Look below for the line containing "this 1416×1418 image."; write out that line and each one after it to the end, exactly, and nothing else.

Stored entries
_ _ _ _ _ _ _

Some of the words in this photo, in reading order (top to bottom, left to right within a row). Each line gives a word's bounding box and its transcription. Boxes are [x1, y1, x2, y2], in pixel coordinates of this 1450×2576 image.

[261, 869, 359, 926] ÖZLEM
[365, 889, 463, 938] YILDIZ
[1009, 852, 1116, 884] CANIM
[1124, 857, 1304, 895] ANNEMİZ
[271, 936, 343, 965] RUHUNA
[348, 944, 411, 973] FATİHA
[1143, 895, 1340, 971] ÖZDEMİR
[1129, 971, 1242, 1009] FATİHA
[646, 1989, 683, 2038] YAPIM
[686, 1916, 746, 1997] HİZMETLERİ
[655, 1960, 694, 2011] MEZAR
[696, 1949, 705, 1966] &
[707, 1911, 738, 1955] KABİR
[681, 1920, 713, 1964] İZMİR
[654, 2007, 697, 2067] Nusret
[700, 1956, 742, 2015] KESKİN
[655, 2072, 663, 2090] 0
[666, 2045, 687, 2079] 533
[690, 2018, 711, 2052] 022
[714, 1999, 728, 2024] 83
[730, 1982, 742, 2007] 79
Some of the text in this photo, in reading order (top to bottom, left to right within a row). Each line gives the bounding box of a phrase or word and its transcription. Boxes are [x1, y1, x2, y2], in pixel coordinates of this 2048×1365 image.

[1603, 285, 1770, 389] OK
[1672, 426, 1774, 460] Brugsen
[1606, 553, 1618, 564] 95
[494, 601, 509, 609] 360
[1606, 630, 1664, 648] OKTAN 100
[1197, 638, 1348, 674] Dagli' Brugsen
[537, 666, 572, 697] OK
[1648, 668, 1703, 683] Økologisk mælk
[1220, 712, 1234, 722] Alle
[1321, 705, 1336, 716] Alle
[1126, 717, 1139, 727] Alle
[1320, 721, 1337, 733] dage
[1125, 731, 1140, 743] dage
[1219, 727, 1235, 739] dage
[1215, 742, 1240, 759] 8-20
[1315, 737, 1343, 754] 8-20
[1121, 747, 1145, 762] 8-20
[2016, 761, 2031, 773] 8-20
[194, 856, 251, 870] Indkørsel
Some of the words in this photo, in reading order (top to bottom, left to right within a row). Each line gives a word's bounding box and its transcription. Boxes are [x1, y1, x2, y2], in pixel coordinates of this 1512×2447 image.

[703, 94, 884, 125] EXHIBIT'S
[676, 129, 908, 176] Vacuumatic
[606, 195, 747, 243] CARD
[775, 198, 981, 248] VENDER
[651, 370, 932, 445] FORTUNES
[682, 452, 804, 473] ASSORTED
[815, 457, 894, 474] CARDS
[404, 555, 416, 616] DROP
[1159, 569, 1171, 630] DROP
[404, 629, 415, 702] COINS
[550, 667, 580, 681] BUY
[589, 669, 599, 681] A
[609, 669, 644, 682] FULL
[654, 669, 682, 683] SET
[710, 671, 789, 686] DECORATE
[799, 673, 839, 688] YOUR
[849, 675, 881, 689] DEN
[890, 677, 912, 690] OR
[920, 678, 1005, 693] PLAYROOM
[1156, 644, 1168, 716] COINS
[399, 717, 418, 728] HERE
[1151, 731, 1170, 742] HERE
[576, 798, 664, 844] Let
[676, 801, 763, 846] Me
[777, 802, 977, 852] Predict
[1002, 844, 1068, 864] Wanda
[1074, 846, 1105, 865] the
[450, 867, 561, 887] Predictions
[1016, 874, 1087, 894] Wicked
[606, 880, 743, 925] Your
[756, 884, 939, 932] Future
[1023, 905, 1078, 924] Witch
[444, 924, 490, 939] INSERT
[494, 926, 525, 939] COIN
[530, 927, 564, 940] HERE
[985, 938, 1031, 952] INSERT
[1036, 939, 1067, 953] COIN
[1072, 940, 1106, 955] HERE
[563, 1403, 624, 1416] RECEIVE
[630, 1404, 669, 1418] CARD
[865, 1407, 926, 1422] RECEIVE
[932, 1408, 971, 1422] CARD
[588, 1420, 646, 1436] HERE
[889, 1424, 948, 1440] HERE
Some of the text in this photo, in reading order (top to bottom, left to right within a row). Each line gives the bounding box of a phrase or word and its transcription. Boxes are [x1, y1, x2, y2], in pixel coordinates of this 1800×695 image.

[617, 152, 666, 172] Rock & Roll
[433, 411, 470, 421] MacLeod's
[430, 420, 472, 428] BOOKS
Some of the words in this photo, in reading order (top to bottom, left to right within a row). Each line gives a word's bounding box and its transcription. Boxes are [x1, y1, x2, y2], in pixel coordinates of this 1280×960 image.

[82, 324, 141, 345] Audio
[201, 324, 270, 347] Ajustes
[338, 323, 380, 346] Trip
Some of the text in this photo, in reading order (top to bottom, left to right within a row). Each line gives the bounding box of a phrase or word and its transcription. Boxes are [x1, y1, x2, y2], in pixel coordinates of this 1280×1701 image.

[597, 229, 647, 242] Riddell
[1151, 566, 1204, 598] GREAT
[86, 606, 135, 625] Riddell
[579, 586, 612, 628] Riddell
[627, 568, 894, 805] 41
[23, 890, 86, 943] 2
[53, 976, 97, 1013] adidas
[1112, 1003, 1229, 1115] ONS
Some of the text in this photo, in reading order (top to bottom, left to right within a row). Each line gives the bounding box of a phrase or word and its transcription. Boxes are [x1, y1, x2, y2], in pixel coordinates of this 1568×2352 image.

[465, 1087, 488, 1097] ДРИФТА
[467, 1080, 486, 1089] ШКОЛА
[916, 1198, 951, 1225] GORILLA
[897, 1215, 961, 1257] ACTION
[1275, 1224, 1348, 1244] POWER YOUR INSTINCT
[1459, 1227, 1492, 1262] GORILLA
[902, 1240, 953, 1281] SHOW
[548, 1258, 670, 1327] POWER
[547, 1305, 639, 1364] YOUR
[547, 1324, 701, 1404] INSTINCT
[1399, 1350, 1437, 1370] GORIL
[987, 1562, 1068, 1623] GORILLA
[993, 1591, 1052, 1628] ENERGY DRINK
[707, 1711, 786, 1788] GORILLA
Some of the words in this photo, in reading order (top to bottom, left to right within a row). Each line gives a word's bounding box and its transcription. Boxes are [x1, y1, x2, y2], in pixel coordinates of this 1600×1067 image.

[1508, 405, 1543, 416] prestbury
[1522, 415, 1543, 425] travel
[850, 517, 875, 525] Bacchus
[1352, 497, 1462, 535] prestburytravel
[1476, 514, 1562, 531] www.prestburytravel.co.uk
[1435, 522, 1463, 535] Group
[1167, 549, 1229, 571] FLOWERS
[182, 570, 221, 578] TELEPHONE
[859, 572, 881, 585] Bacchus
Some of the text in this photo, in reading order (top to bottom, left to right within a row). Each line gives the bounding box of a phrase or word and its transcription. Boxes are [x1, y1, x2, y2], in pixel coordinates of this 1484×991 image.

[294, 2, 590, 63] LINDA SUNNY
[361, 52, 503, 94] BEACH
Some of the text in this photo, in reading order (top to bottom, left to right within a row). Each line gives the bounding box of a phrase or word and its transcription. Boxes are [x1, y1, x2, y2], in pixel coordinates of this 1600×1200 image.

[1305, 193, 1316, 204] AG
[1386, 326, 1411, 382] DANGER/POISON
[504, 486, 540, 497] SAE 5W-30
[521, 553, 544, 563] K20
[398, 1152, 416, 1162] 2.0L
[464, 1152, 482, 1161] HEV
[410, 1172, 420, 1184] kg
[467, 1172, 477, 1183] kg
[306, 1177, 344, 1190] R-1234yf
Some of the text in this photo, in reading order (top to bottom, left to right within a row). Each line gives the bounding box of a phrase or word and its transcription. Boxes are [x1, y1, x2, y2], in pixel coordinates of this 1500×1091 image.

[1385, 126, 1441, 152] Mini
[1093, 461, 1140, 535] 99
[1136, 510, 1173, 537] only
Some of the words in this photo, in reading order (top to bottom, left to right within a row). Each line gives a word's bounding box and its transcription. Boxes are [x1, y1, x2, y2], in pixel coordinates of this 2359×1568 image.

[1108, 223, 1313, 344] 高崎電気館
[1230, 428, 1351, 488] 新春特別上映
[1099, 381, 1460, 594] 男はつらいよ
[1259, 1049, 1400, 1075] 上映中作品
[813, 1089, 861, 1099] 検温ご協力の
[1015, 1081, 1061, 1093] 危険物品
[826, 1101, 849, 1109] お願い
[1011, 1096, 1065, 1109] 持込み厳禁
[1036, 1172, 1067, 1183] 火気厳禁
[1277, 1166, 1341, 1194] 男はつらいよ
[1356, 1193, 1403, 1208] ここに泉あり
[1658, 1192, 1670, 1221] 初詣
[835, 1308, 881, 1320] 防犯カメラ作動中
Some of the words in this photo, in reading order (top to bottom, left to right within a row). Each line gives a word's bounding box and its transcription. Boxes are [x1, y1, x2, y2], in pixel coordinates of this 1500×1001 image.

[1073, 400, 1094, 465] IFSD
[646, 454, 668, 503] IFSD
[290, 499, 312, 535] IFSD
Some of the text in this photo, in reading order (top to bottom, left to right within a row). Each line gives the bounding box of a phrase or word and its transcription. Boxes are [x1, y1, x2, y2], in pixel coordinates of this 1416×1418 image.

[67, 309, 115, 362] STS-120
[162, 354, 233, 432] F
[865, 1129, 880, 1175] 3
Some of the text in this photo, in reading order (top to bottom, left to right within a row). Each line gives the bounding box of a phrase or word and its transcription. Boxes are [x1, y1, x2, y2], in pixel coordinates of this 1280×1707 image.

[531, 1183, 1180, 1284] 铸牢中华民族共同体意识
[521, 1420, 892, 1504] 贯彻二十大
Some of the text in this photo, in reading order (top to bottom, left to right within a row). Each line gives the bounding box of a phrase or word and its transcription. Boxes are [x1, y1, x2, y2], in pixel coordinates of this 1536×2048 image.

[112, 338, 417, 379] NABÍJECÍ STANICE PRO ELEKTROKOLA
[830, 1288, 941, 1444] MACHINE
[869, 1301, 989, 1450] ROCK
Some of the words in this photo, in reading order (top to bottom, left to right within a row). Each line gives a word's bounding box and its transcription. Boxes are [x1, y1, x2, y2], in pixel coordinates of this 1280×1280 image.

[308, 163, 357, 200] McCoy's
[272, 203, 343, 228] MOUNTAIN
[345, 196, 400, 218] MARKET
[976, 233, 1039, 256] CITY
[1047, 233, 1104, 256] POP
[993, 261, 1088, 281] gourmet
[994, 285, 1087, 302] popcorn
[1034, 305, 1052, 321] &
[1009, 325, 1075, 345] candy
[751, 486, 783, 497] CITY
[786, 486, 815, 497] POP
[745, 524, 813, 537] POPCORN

_ _ _ _ _ _ _

> **EXERCISE OUTPUT**:
Some of the text in this photo, in reading order (top to bottom, left to right within a row). Each line gives the bounding box of a phrase or word and its transcription. Boxes are [x1, y1, x2, y2], in pixel coordinates of this 1416×1418 image.

[67, 309, 115, 362] STS-120
[162, 354, 233, 432] F
[865, 1129, 880, 1175] 3
Some of the text in this photo, in reading order (top to bottom, left to right within a row). Each line gives the bounding box of a phrase or word and its transcription. Boxes are [x1, y1, x2, y2], in pixel coordinates of this 1280×1707 image.

[531, 1183, 1180, 1284] 铸牢中华民族共同体意识
[521, 1420, 892, 1504] 贯彻二十大
Some of the text in this photo, in reading order (top to bottom, left to right within a row). Each line gives the bounding box of a phrase or word and its transcription. Boxes are [x1, y1, x2, y2], in pixel coordinates of this 1536×2048 image.

[112, 338, 417, 379] NABÍJECÍ STANICE PRO ELEKTROKOLA
[830, 1288, 941, 1444] MACHINE
[869, 1301, 989, 1450] ROCK
Some of the words in this photo, in reading order (top to bottom, left to right within a row). Each line gives a word's bounding box and its transcription. Boxes are [x1, y1, x2, y2], in pixel coordinates of this 1280×1280 image.

[308, 163, 357, 200] McCoy's
[272, 203, 343, 228] MOUNTAIN
[345, 196, 400, 218] MARKET
[976, 233, 1039, 256] CITY
[1047, 233, 1104, 256] POP
[993, 261, 1088, 281] gourmet
[994, 285, 1087, 302] popcorn
[1034, 305, 1052, 321] &
[1009, 325, 1075, 345] candy
[751, 486, 783, 497] CITY
[786, 486, 815, 497] POP
[745, 524, 813, 537] POPCORN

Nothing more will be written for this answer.